He held out his hand; but Van had been caught once that day, and lay still. He whined a little.

“You pore little tyke, I bet you’re hungry. Have you been runnin’ away? Now, see here, I ain’t goin’ to tell on ye, and ef you’ll stay right here I’ll bring ye half my supper.”

Van lay exhausted in the fence-corner, and presently the boy slipped out with a large slice of bread and butter, and a bit of bacon, and, best of all, a bowl of cold water.

Ah, but that water was good! Van lapped it thirstily, every drop. Then he fell upon the bacon and the bread and butter, as greedily as the veriest tramp that ever lived.

“My! Ye shore was hungry,” said the boy. “I’d git ye more ef I dasted to; anyways, ye won’t starve. Landy! I’d like to keep ye, but Pa wouldn’t let me. Anyways, ef ye’ll come with me, I’ll fix ye up a bed.”

Van followed the boy that looked like Pete into a dilapidated barn. The boy doubled an old horse blanket in a corner of the hay-mow.

“Ye kin sleep there, and ye kin git out in the mornin’ through that busted board. There! Jinks! I wish’t you’d stay with me. I’d like to keep ye, awful. I wish’t Pa liked dawgs.”

Up in that hill-cabin home the little boy’s hungry heart yearned to the starved heart of the runaway Prince, and he stooped and kissed him. Then he drew away, as if ashamed, even in the dusk, of so silly an action, and went back to the house, trying to whistle.
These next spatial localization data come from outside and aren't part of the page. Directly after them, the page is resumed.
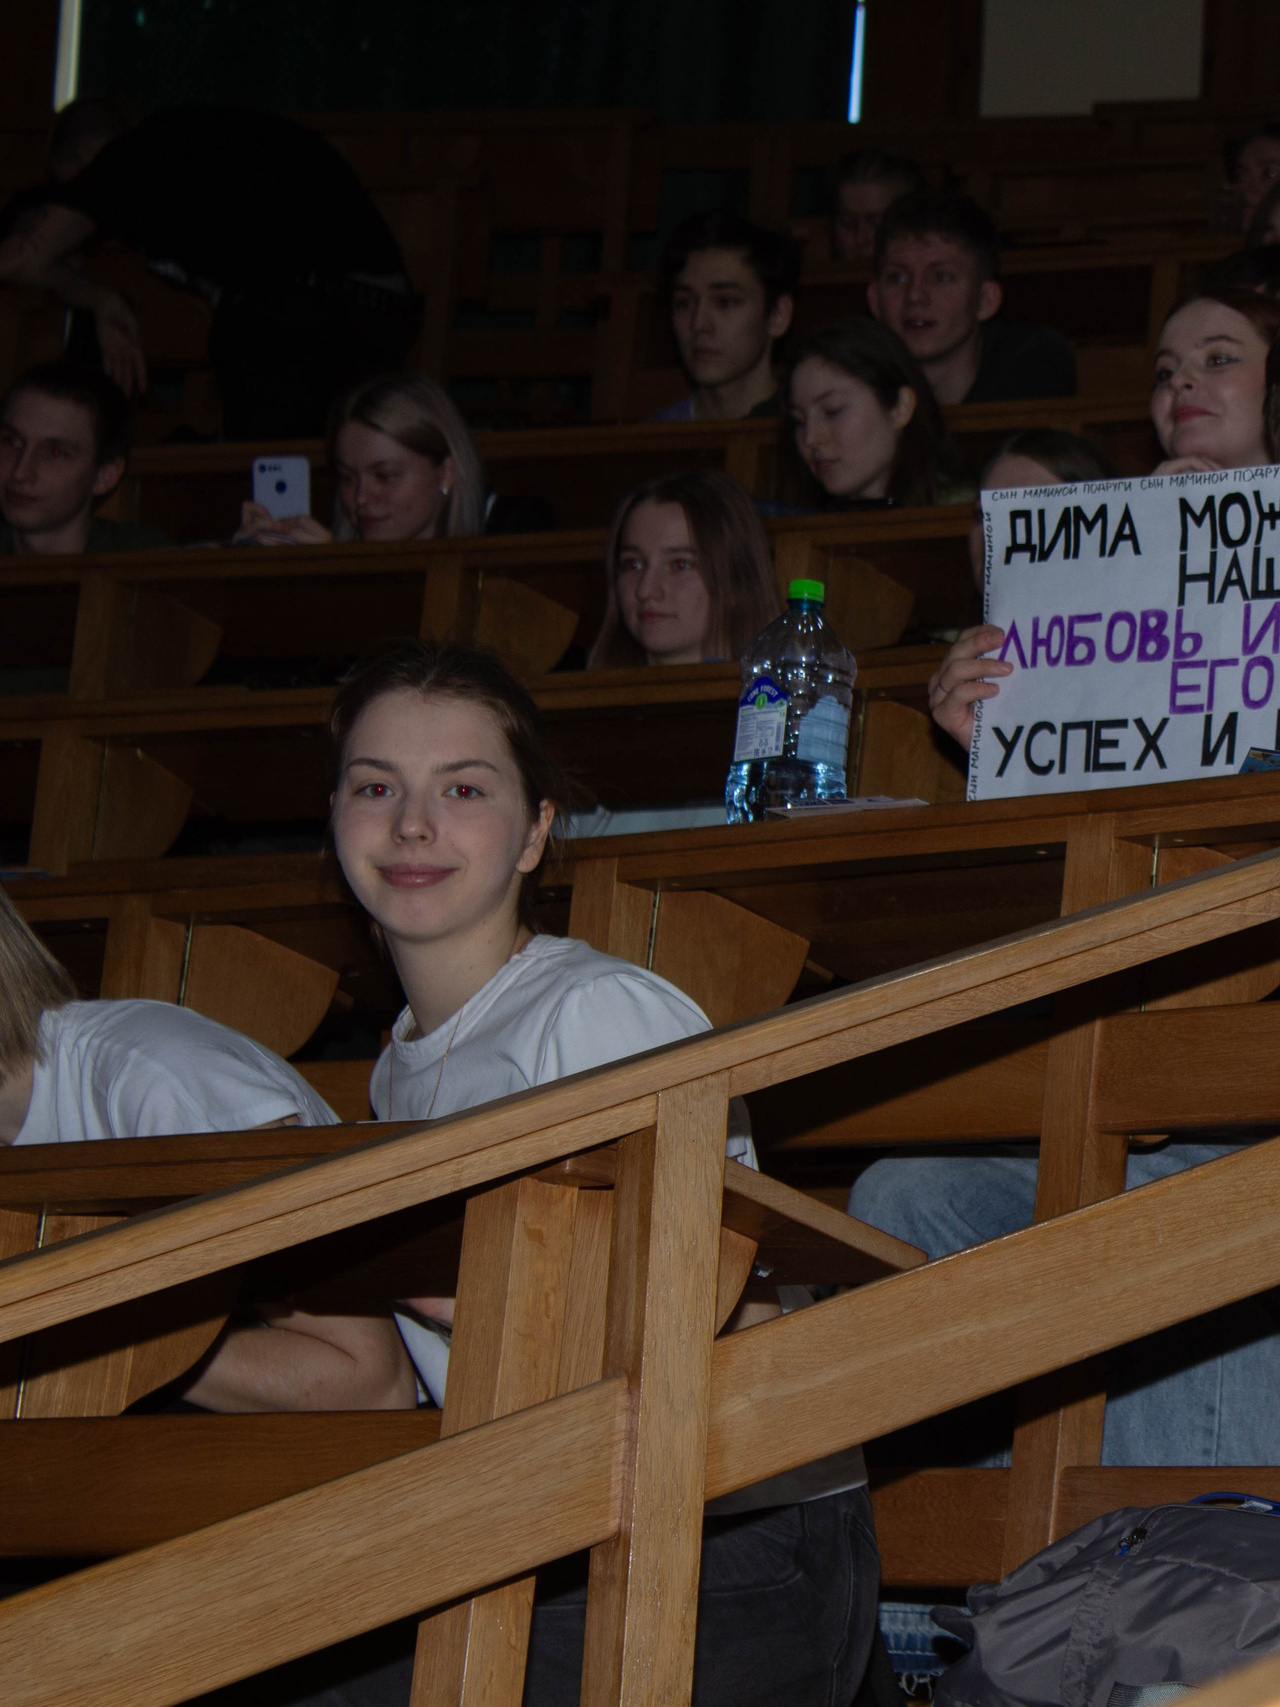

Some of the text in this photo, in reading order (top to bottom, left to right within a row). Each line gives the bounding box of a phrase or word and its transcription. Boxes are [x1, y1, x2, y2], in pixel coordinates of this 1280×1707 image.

[992, 491, 1017, 501] СЫН
[1022, 485, 1078, 499] МАМИНОЙ
[1083, 481, 1132, 494] ПОДРУГИ
[1140, 478, 1163, 490] СЫН
[1170, 471, 1228, 487] МАМИНОЙ
[1003, 503, 1142, 565] ДИМА
[999, 605, 1204, 669] ЛЮБОВЬ
[1169, 655, 1275, 715] ЕГО
[991, 717, 1170, 778] УСПЕХ
[1200, 711, 1238, 767] И
Van slept without stirring, until the cold fingers of the dawn made him stretch his stiffened limbs, and realize that he was in a strange land, and that he must be getting on to his home on the Hill-Top. He stole out through the broken board, and was off in the gray of the morning, breakfastless but rested.

And it was westward ho! through the chilling mists, and westward ho! when the sun rose at his back to warm and cheer him. It was westward ho! when the sun shone high and hot above his head, and his mouth was dry and parched again, and his legs moved slowly and stiffly, as if he had aged ten years.